M&O playsプロデュース「鎌塚氏、放り投げる」 2011年5月

作・演出倉持裕。本多劇場の中央、前の方の席で6000円。若い観客が多い。

妙なタイトルなので、正直ちょっと警戒していたのだけれど、「ネジと紙幣」がよかった倉持裕、ともさかりえの組み合わせなので、期待して足を運んだ。結論から言うと、ハラハラドキドキ、気持ちよく笑えて、ほろりとする、よくできたお芝居でした。

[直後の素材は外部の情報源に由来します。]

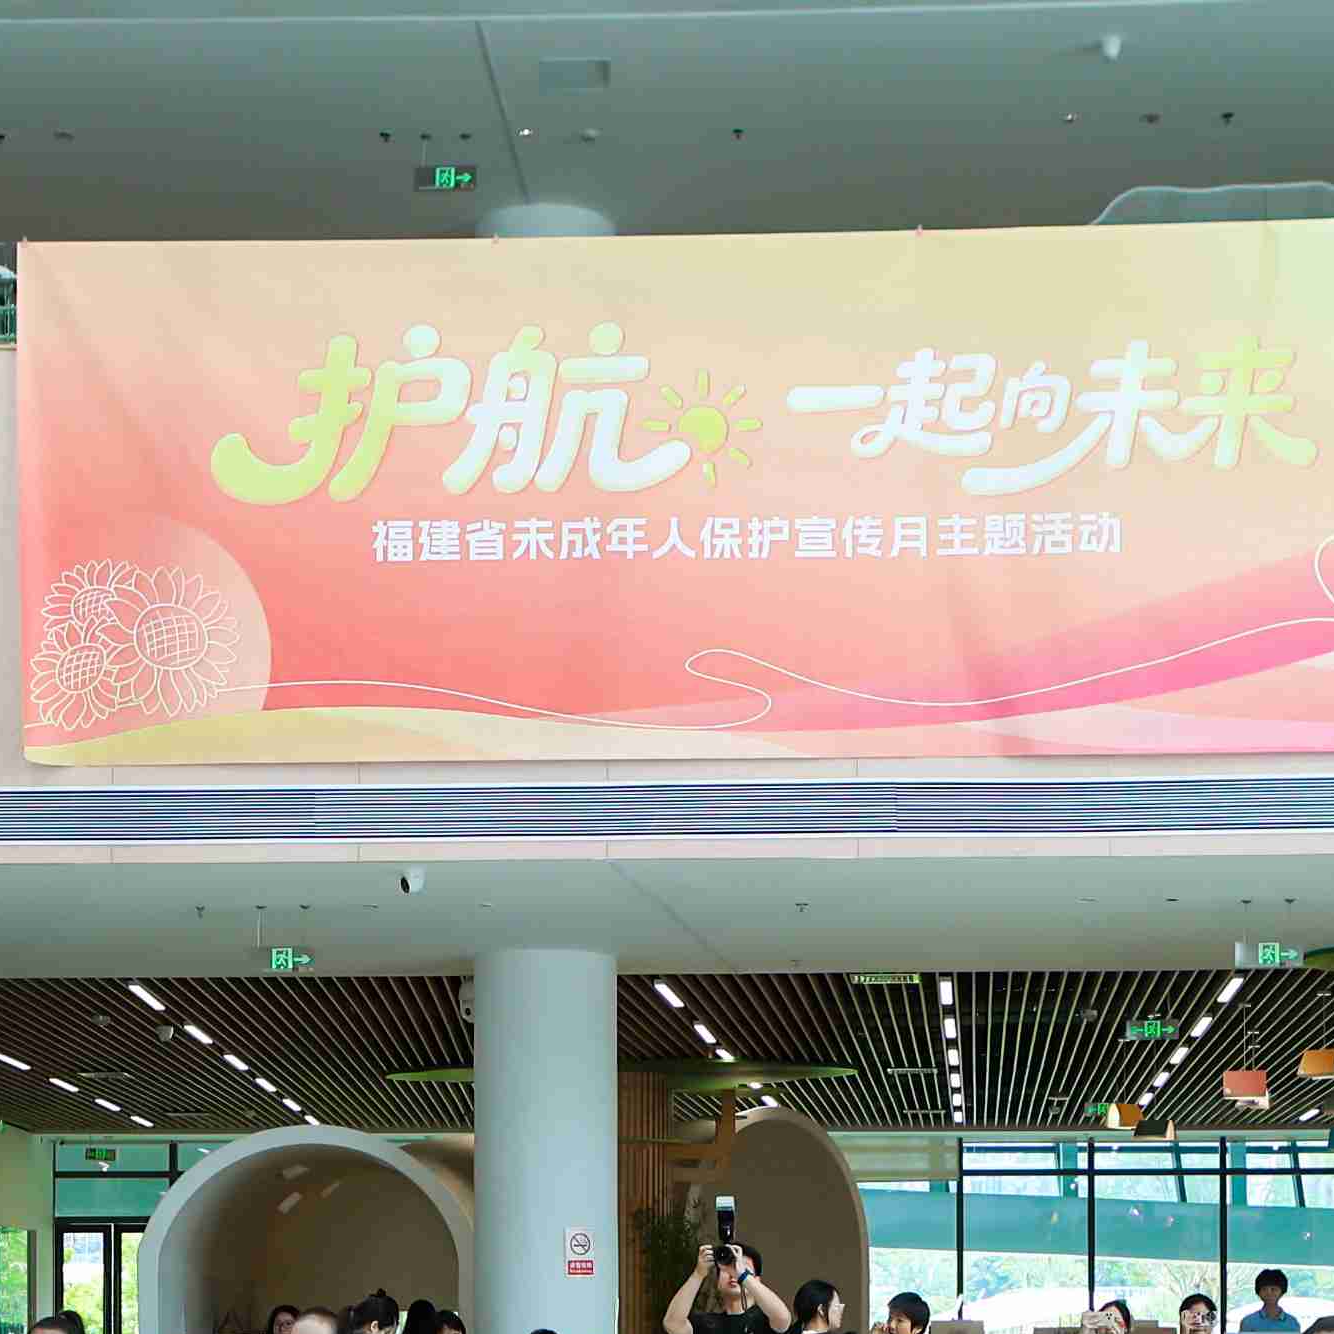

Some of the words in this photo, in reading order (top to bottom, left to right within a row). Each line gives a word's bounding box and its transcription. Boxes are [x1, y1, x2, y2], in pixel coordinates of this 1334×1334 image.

[211, 321, 691, 506] 护航
[785, 335, 1319, 497] 一起向未来
[371, 511, 1123, 563] 福建省未成年人保护宣传月主题活动

「日の名残り」を思わせる、融通の利かない執事の鎌塚アカシが主人公。三宅弘城が、親から受け継いだ職業にプライドをもって行動すればするほど、厄介に巻き込まれちゃう愉快な人物を、達者に演じる。対する同僚・上見ケシキのともさかりえが期待通り。リズムが良くて、たおやかで、存在自体が綺麗なんだなあ。
上司にあたる華族・羽島夫妻の大河内浩と佐藤直子、屋敷に逗留している成り上がりの堂田夫妻を演じる片桐仁、広岡由里子が巧みなのはもちろん、あまり馴染みがなかったもう一人の執事役、玉置孝匡もいい味。

華族の屋敷という設定は現実離れしたもの。しかし、使用人が結婚したらご祝儀にいくら出すか、という論争があったり、俗物にしか見えない堂田が案外働き者だったりして、細部がリアルだ。羽島家の息子の存在が、伏線として効いている。そしてラストシーンの鮮やかさ。妙なタイトルにも納得です。

めまぐるしく登場人物が出入りするが、羽島家のいくつかの部屋と建物の外を、回り舞台で表現。仕掛けが精緻で感心する。人物の名前がそれぞれちょっと変わっているのだけは、意味があるのか、特にないのか、わからなかったけど。